Please transcribe the data below exactly. Leave the pictures out.

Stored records
● ● ● ● ●

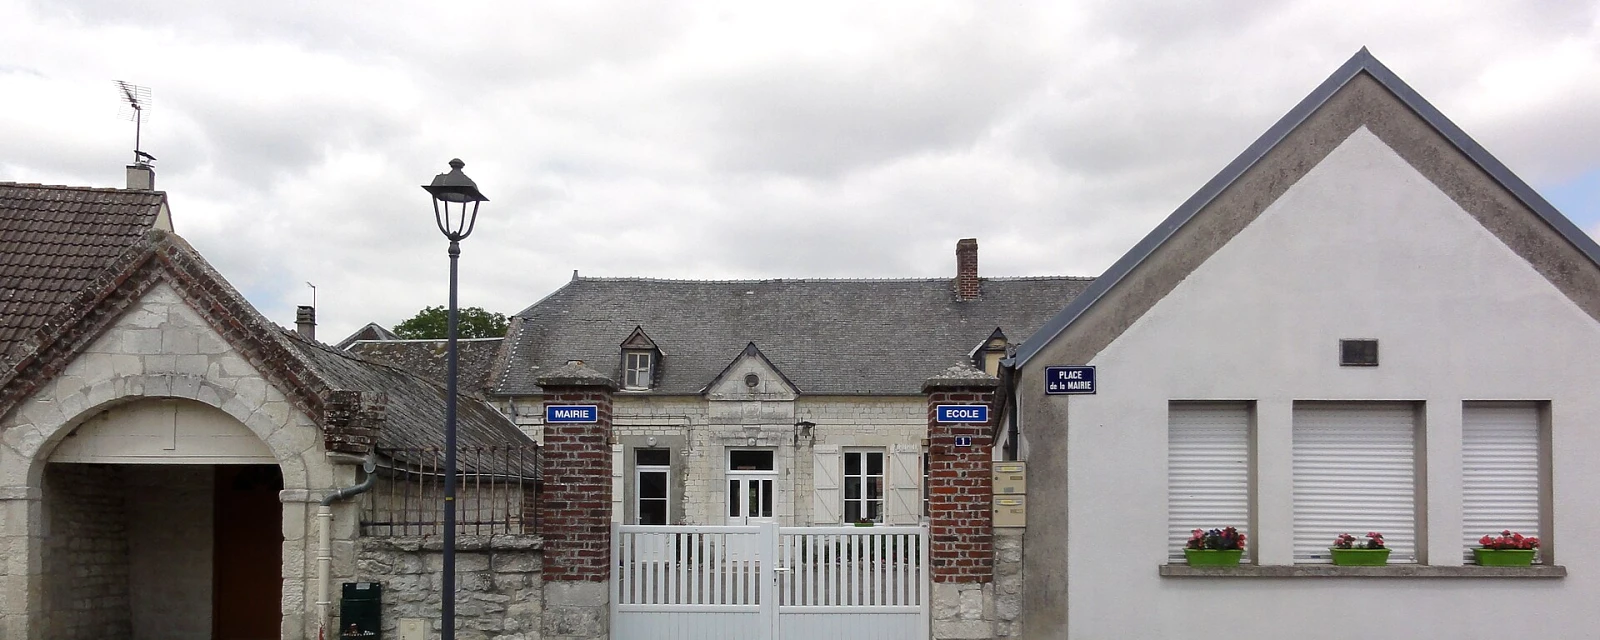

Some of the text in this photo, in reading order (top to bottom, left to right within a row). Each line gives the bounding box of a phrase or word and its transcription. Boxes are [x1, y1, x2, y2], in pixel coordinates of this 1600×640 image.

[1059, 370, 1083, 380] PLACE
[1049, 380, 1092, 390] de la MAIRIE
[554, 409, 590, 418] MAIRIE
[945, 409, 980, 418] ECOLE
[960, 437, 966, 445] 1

● ● ● ● ●

* _TASK OUTPUT_
Some of the text in this photo, in reading order (top to bottom, left to right within a row). Each line gives the bounding box of a phrase or word and its transcription. Boxes are [x1, y1, x2, y2], in pixel coordinates of this 1600×640 image.

[1059, 370, 1083, 380] PLACE
[1049, 380, 1092, 390] de la MAIRIE
[554, 409, 590, 418] MAIRIE
[945, 409, 980, 418] ECOLE
[960, 437, 966, 445] 1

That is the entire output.